Hoy resulta común encontrar consumidores interesados en conocer el origen de su café, las variedades cultivadas, los métodos de preparación y el trabajo de los caficultores. Sin embargo, hace apenas 18 años esa conversación prácticamente no existía en Puerto Rico.
Cuando Hacienda San Pedro Coffee Shop abrió sus puertas en Santurce en 2008, el concepto de café de especialidad era desconocido para gran parte del público. Mientras el mercado estaba dominado por cadenas internacionales y el origen del café pasaba desapercibido, la empresa puertorriqueña decidió apostar por un modelo innovador, conectar al consumidor directamente con la finca y demostrar que el café producido en Puerto Rico podía competir con cualquiera de los mejores cafés del mundo.
Ese modelo, que hoy se conoce internacionalmente como “de la finca a tu taza”, fue uno de los primeros en establecerse en la Isla, convirtiendo cada visita al coffee shop en una experiencia donde el cliente no solo disfrutaba una taza de café, sino que conocía su historia, el proceso de cultivo y el esfuerzo de las familias caficultoras.

Detrás de esta visión se encuentra una familia dedicada al café durante más de tres generaciones, con el legado iniciado por Roberto Atienza, una de las figuras más respetadas de la industria cafetalera puertorriqueña, encontró continuidad en Rebecca Atienza, quien transformó décadas de conocimiento agrícola en una experiencia moderna, educativa y centrada en resaltar la calidad del café puertorriqueño.

“Hace 18 años comenzamos con una idea que parecía muy ambiciosa para ese momento, lograr que las personas se enamoraran del café puertorriqueño conociendo su origen y valorando el trabajo de quienes lo cultivan. Hoy vemos consumidores mucho más educados, interesados en apoyar el producto local y orgullosos de nuestro café.
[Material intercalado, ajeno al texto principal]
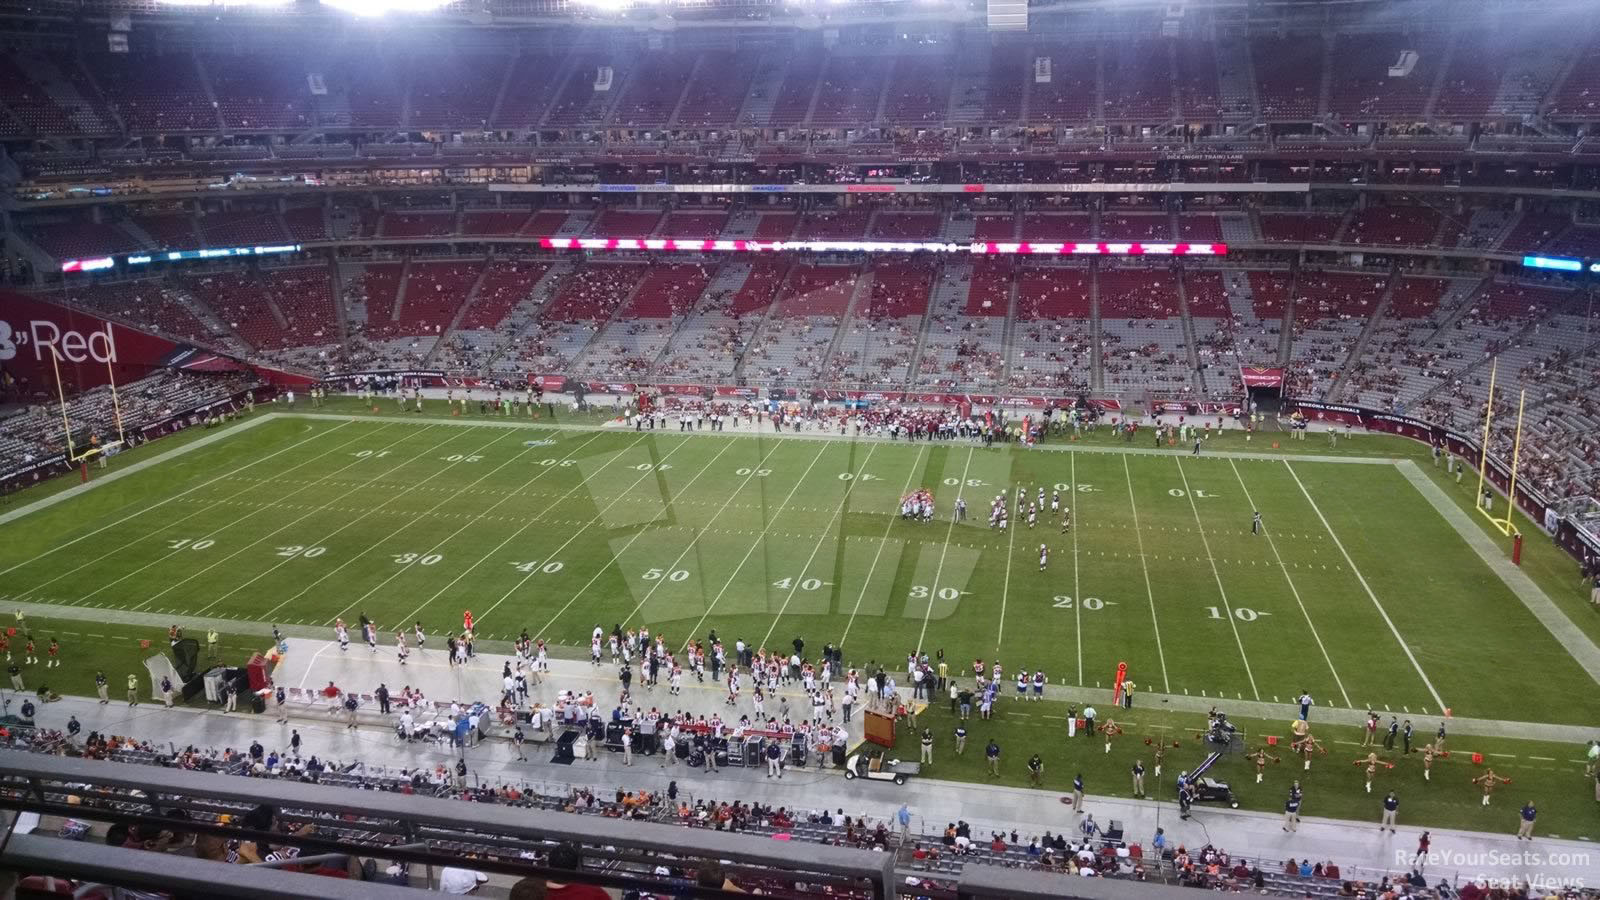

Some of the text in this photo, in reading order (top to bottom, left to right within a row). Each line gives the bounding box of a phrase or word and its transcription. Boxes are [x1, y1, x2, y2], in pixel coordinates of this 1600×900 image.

[1298, 401, 1360, 414] ARIZONA CARDINALS
[445, 454, 485, 463] 20
[539, 458, 577, 468] 30
[635, 463, 673, 472] 40
[735, 467, 773, 477] 50
[838, 473, 878, 482] 40
[943, 477, 983, 487] 30
[1053, 483, 1095, 493] 20
[1168, 488, 1210, 498] 10
[168, 538, 216, 551] 10
[275, 545, 327, 558] 20
[393, 553, 444, 566] 30
[514, 561, 564, 574] 40
[641, 568, 690, 582] 50
[772, 577, 823, 591] 40
[908, 585, 960, 601] 30
[1052, 595, 1105, 611] 20
[1205, 605, 1259, 622] 10
Haber contribuido a ese cambio cultural es, sin duda, nuestro mayor logro”, expresó Rebecca Atienza, propietaria de Hacienda San Pedro Coffee Shop.
Durante casi dos décadas, Hacienda San Pedro ha servido miles de tazas de café cultivado en las montañas de Jayuya y ha recibido a generaciones de clientes que han hecho del establecimiento parte de su vida cotidiana. Lo que comenzó como una cafetería se convirtió en un punto de encuentro para estudiantes, profesionales, turistas, empresarios y familias que buscan una experiencia auténticamente puertorriqueña.
Más allá de su éxito comercial, la empresa ha contribuido a fortalecer el reconocimiento del café puertorriqueño como un producto de alto valor, apoyando directamente la producción agrícola local y promoviendo una mayor apreciación por el trabajo que realizan los caficultores de la Isla.

La historia de Hacienda San Pedro también es reflejo de la resiliencia del empresariado puertorriqueño. En estos 18 años ha superado recesiones económicas, huracanes, terremotos, una pandemia y profundas transformaciones en el mercado, manteniendo intacto su compromiso con la calidad, la sostenibilidad y el desarrollo de la industria cafetalera.
El aniversario representa también un homenaje a quienes han acompañado este recorrido. Clientes que descubrieron el coffee shop en sus primeros años hoy regresan con sus hijos; empleados que han crecido junto a la empresa; suplidores, agricultores y colaboradores que han hecho posible que el proyecto continúe evolucionando.

“Cada taza que servimos representa el esfuerzo de muchas manos: nuestros agricultores, nuestro equipo de trabajo y nuestros clientes, que durante estos 18 años han decidido apoyar un producto genuinamente puertorriqueño. Ese respaldo nos inspira a seguir innovando y llevando el nombre del café de Puerto Rico cada vez más lejos”, añadió Atienza.
Al alcanzar su mayoría de edad empresarial, Hacienda San Pedro Coffee Shop reafirma su compromiso de continuar innovando, educando y promoviendo la excelencia del café puertorriqueño, convencida de que el futuro de la industria comienza valorando nuestras raíces.
Dieciocho años después, Hacienda San Pedro no solo celebra un aniversario, celebra haber ayudado a transformar la manera en que Puerto Rico entiende, consume y aprecia su café.